My comment re: Santoka and Hosai was not referenced toward your comments at all, rather they were convenient names to make a small point. Sorry if you felt it did so.

To elaborate on my "shock" haiku comment. Not directed toward Santoka and Hosai. Rather, Peter's comment that many haiku seem like they could be written by any one of a number of good haiku poets seems a call toward creating stronger, more individual voices (a good thing). The goal (questionable thing) being to reach further (if at all) into the poetic main-stream. He also suggests that this main-stream will want poets rather than poems. I agree. How often do we see "based on a true story" in movies? That shouldn't matter; the art of the movie should hold its own, not need to be propped up. To get back to my "shocking" comment. There is a painting in the San Francisco Museum of Modern Art which is a red circle on a white background. It was probably intellectually shocking when it was painted (as a reaction to realism or whatever was in vogue those days), but in my mind it has no lasting value, no art—just shock in an intellectual way. I worry that to get noticed by the larger poetic community poets will have to start writing "shocking" haiku rather than art. I've seen a lot of bad haiku that tries to shock through overt (but unnecessary) sexual references and language. My feeling is that the poet thinks they are writing cutting edge stuff because of the subject matter alone. Such poems may solve the ghettoization of haiku, but at a cost. However this is more a pondering than a real concern. I don't think any genre (sonnet anyone?) will ever make much of a splash in the larger scene.

I like to think my haiku, being based on my life, and through my voice, have some individualism to them. But I worry less about that than if I am writing something I can be proud of. I will surmise, however, that the writings of a middle-aged accountant with no history of drug abuse or mental illness, who works hard and is happily married, will make for poor book jacket copy, and thus poor offerings to the larger market. Let's be honest: hermits and addicts sell books.

Peter Yovu

Much of value to consider here. I for one find this encouraging, that people are willing to explore and inquire.

It may not be a universal problem, but when I think about questions relating to haiku, I quickly come up against the reality that "haiku" is not a single thing, but means different things to different people. This is not a problem so much when one is speaking about poetry in general. It seems to be accepted that poetry takes many forms. I'm not sure if that is the case with haiku; I suspect it increasingly is.

So when we talk about "excellence" in haiku, what are we pointing to? Here I would say that I believe that making distinctions has value. Making distinctions does not (necessarily) equal being divisive. I for one don't mind talking about traditional, or modern, or innovative approaches to haiku. They give some needed vocabulary in looking at different things haiku do.
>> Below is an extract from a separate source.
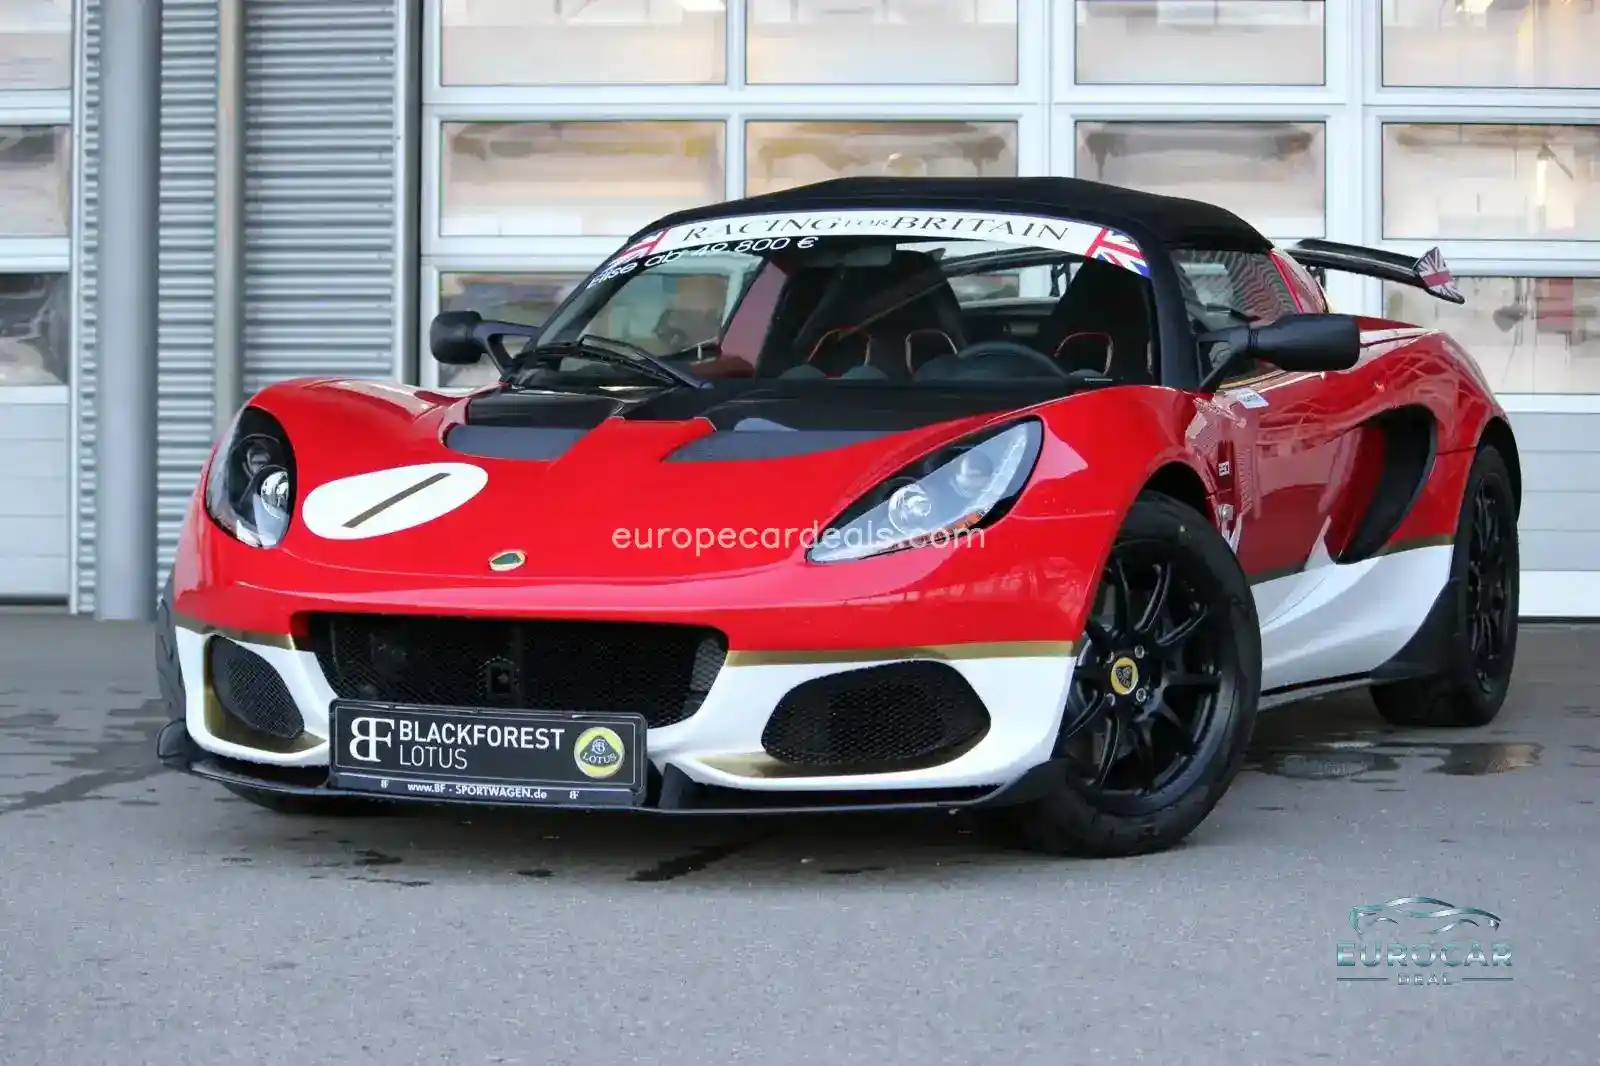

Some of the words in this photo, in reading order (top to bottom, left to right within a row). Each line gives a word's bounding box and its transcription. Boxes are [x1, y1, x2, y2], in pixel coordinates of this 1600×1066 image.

They are starting points for understanding each as it is.  But only starting points, which may be discarded as one goes further.

And of course, within those general distinctions, there are more distinctions that can be made. The "rules" that are often taught may apply to one "form" but not another. What is considered "basic" may not even apply in every instance, and there is the possibility that an "excellent" short poem which has few, or possibly none, of the defined "qualifications" for haiku might find its way into a haiku journal. (And that context might bring out otherwise unseen qualities).

It is why, forgive me for saying what I've said elsewhere, I don't think of myself as someone who writes haiku, though for the sake of discussion it is often convenient to do so. I think of myself as someone who writes short poems which have unquestionably been influenced by Japanese poetics, but also by other things-- aphorism, for example, itself something difficult to define and pin down and which has numerous forms.

For me, "excellence" resides in something on the page or spoken which is prior to haiku. I think there is something in us which initially responded-- deeply-- to haiku before we knew what it was. (It may have been, phenomenologically speaking, a bodily, or pre-cognitive response).

It was only later that we tried to grasp what qualifies a short poem as haiku. (And perhaps how to replicate the initial encounter). Doing so led different people in different directions, for good or ill, fluid or fixed.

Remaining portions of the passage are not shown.